Leave every image out, and return the rest of the data word for word.

## DATA IN THIS EXERCISE
_ _ _ _
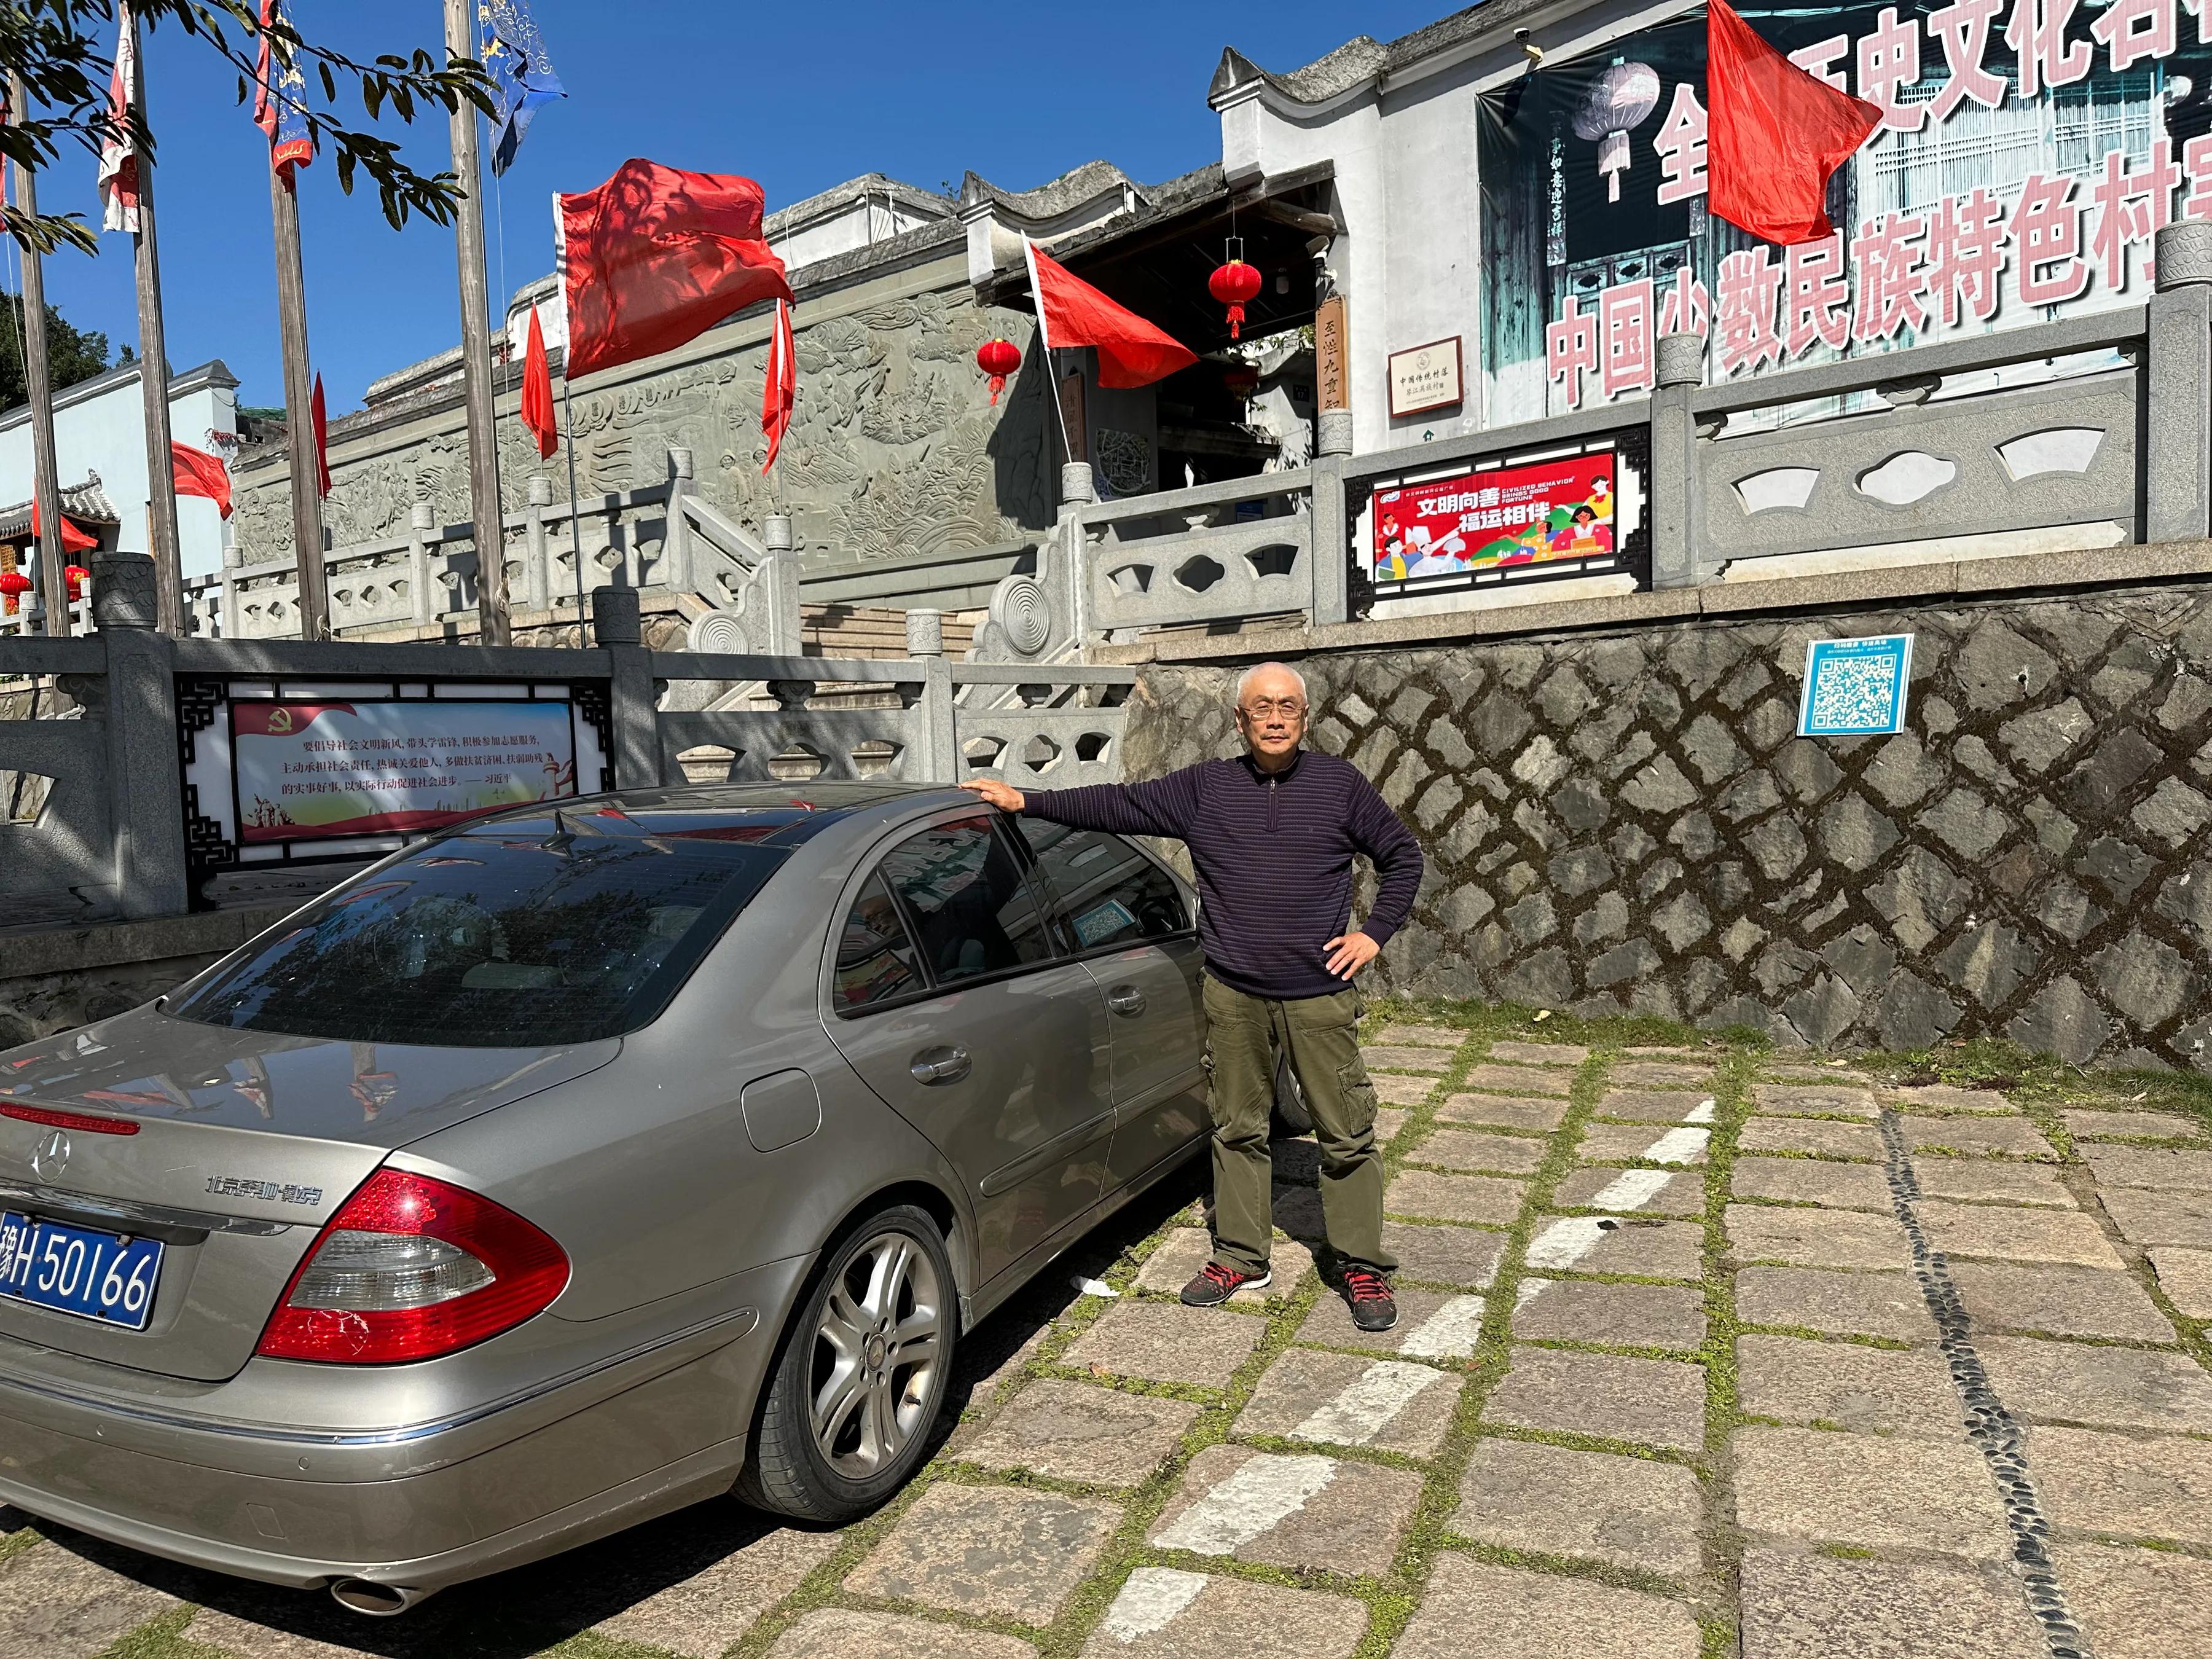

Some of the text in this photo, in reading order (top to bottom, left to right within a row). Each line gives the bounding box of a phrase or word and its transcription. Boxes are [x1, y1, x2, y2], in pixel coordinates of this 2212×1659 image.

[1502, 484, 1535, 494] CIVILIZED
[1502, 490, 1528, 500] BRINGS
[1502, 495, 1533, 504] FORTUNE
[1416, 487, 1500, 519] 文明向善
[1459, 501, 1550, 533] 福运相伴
_ _ _ _
## ANSWER BOX
Some of the text in this photo, in reading order (top to bottom, left to right within a row). Each line gives the bounding box of a phrase or word and its transcription. Boxes are [x1, y1, x2, y2], in pixel coordinates of this 2212×1659 image.

[1502, 484, 1535, 494] CIVILIZED
[1502, 490, 1528, 500] BRINGS
[1502, 495, 1533, 504] FORTUNE
[1416, 487, 1500, 519] 文明向善
[1459, 501, 1550, 533] 福运相伴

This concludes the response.